= Task to complete =
Reproduce the full listing as it stands. Images do not belong in the copy.

━━━━━━

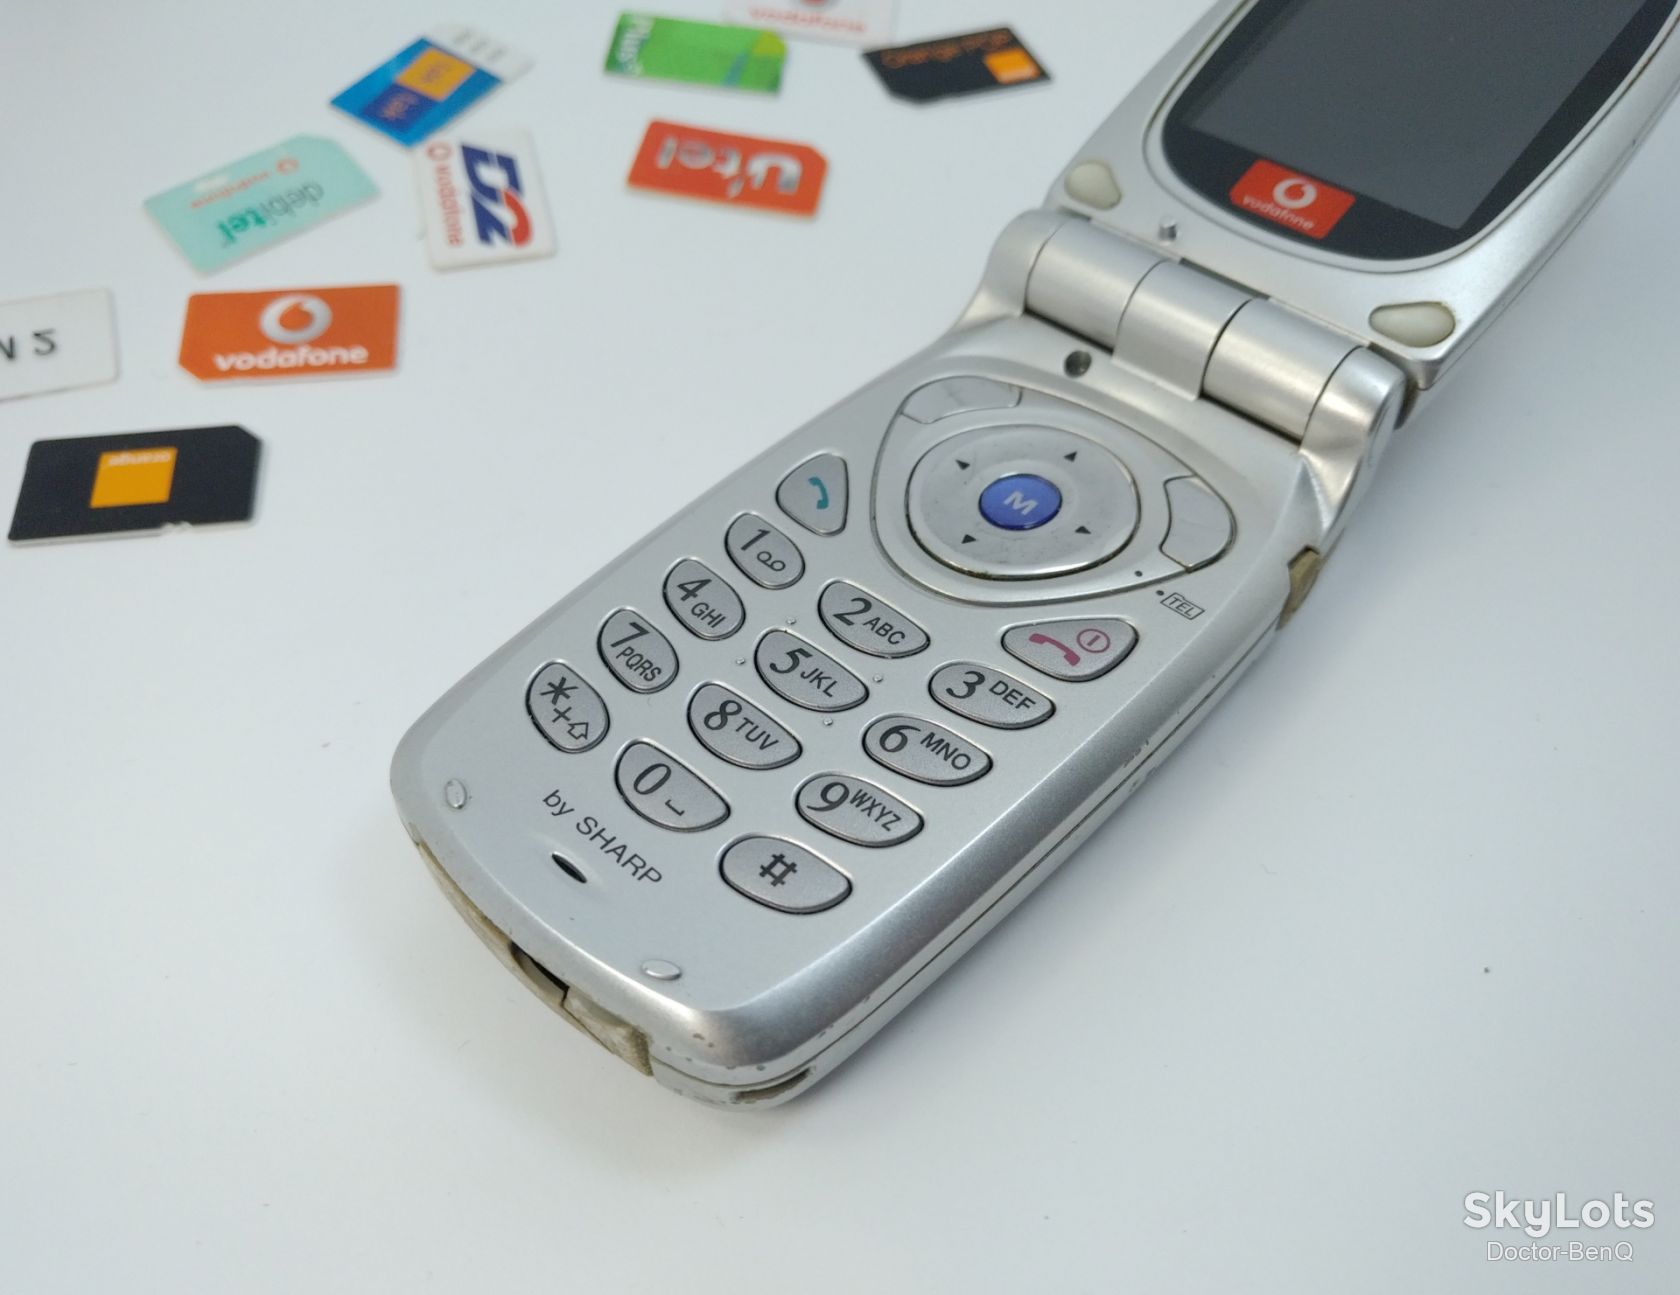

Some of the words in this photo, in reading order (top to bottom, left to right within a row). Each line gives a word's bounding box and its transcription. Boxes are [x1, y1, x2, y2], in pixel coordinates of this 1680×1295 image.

[461, 144, 533, 248] D2
[1242, 195, 1315, 230] vodafone
[212, 345, 370, 371] vodafone
[1004, 491, 1038, 515] M
[740, 528, 770, 551] 1
[677, 578, 712, 602] 4
[1168, 595, 1200, 618] TEL
[690, 602, 726, 629] GHI
[833, 597, 872, 626] 2
[863, 617, 906, 645] ABC
[610, 621, 650, 648] 7
[616, 646, 662, 682] PQRS
[769, 648, 813, 674] 5
[801, 667, 839, 698] JKL
[946, 671, 985, 699] 3
[988, 680, 1036, 710] DEF
[704, 699, 742, 731] 8
[735, 717, 779, 750] TUV
[879, 725, 921, 752] 6
[920, 732, 971, 770] MNO
[633, 763, 672, 795] 0
[807, 781, 850, 811] 9
[850, 789, 901, 831] WXYZ
[542, 790, 575, 817] by
[576, 816, 663, 885] SHARP
[759, 854, 797, 887] #
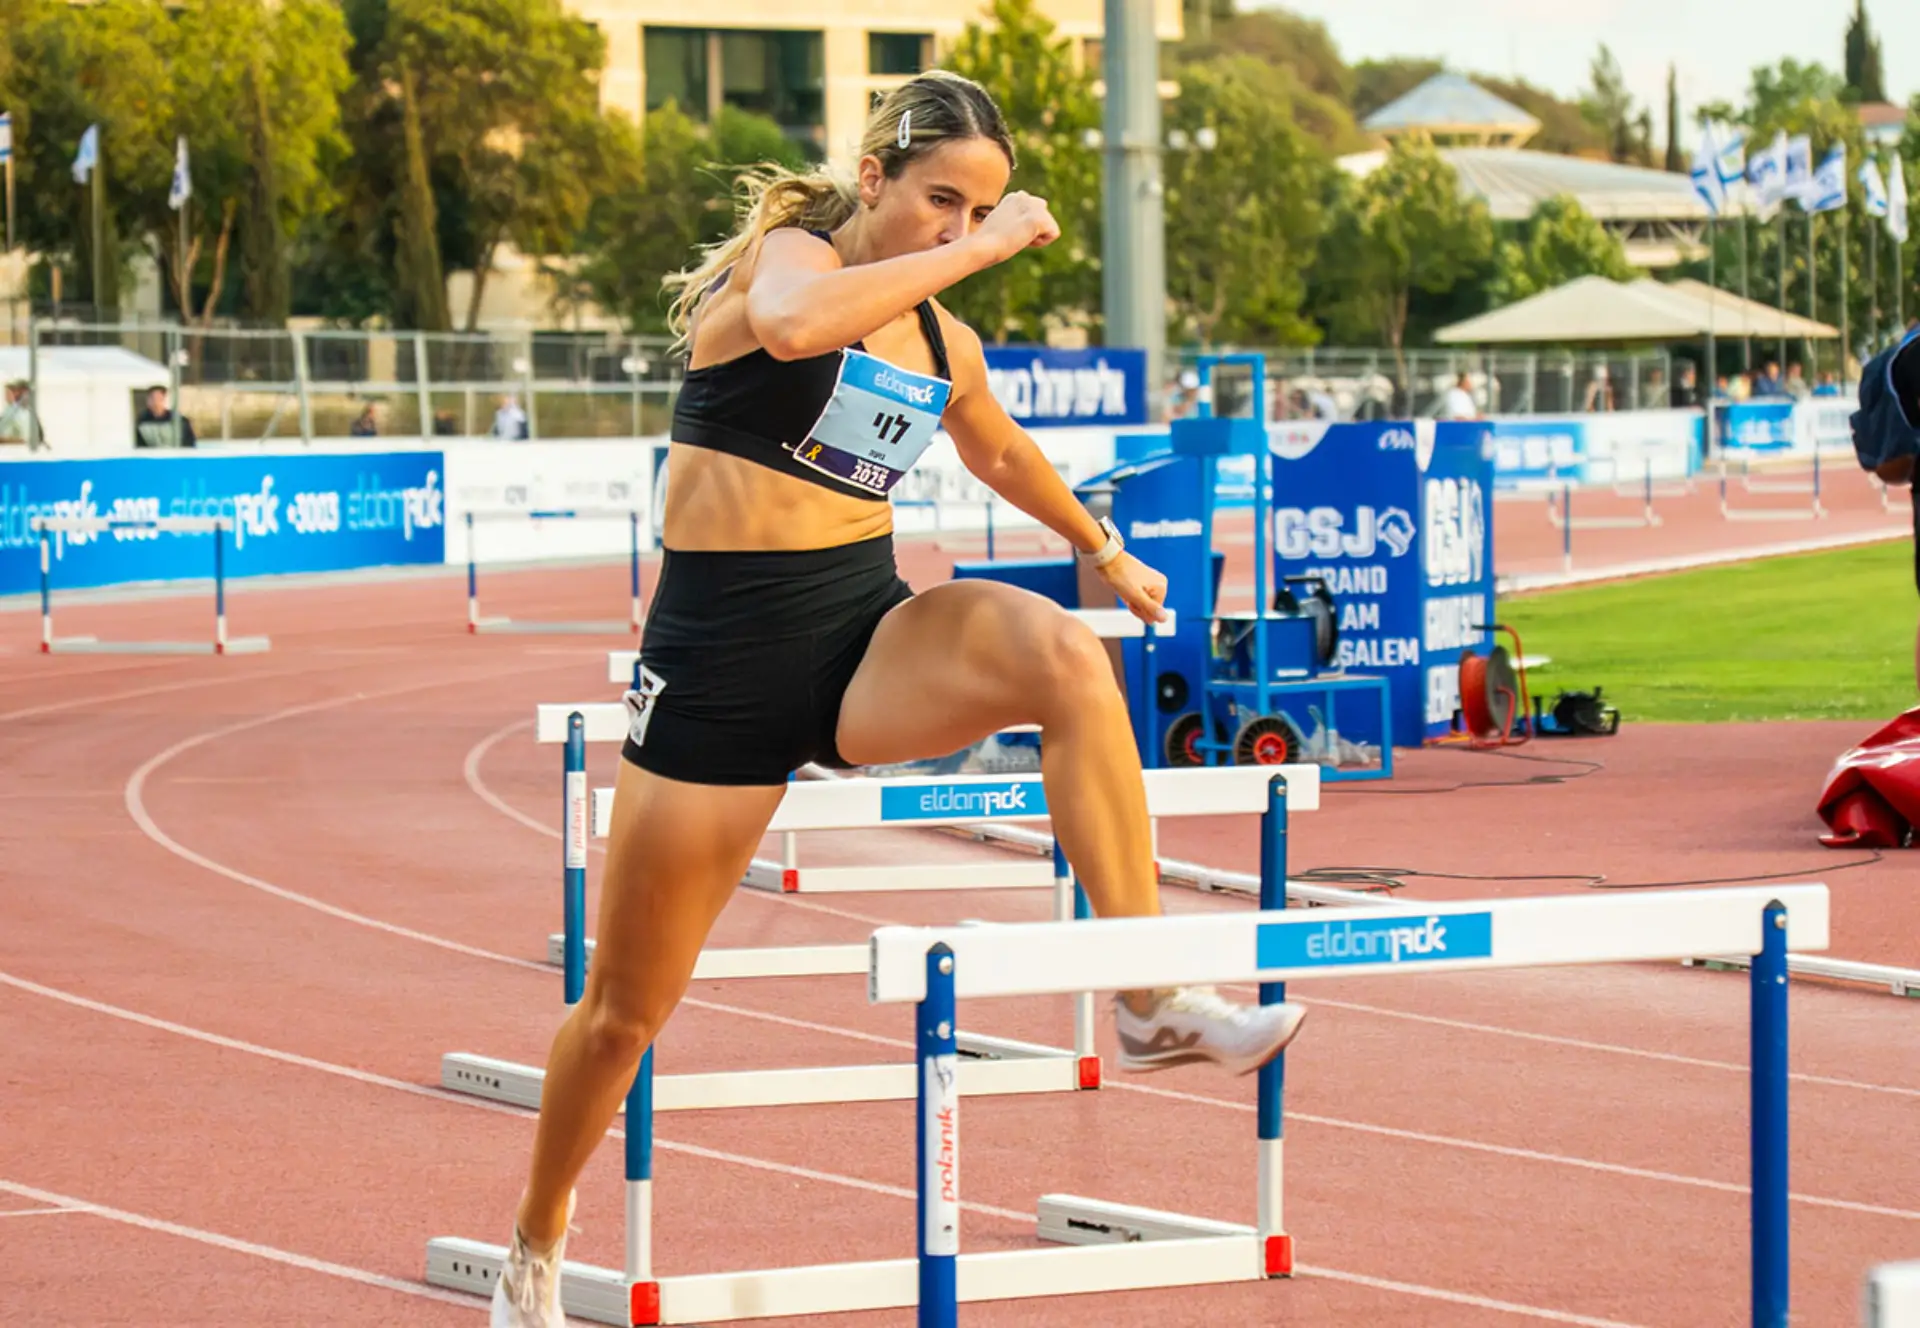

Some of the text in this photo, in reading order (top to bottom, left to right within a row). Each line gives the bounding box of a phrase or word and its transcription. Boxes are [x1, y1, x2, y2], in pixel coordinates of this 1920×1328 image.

━━━━━━

= Your solution =
Some of the words in this photo, in reading order (top to bottom, left to right within a row). Each line gives a word's bounding box and its transcription. Boxes are [x1, y1, x2, y2], in pixel coordinates of this 1680×1295 image.

[461, 144, 533, 248] D2
[1242, 195, 1315, 230] vodafone
[212, 345, 370, 371] vodafone
[1004, 491, 1038, 515] M
[740, 528, 770, 551] 1
[677, 578, 712, 602] 4
[1168, 595, 1200, 618] TEL
[690, 602, 726, 629] GHI
[833, 597, 872, 626] 2
[863, 617, 906, 645] ABC
[610, 621, 650, 648] 7
[616, 646, 662, 682] PQRS
[769, 648, 813, 674] 5
[801, 667, 839, 698] JKL
[946, 671, 985, 699] 3
[988, 680, 1036, 710] DEF
[704, 699, 742, 731] 8
[735, 717, 779, 750] TUV
[879, 725, 921, 752] 6
[920, 732, 971, 770] MNO
[633, 763, 672, 795] 0
[807, 781, 850, 811] 9
[850, 789, 901, 831] WXYZ
[542, 790, 575, 817] by
[576, 816, 663, 885] SHARP
[759, 854, 797, 887] #

Some of the text in this photo, in reading order (top to bottom, left to right within a row). Each line gives the bounding box of a phrase or word and its transcription. Boxes are [x1, y1, x2, y2], in pixel coordinates of this 1920×1328 image.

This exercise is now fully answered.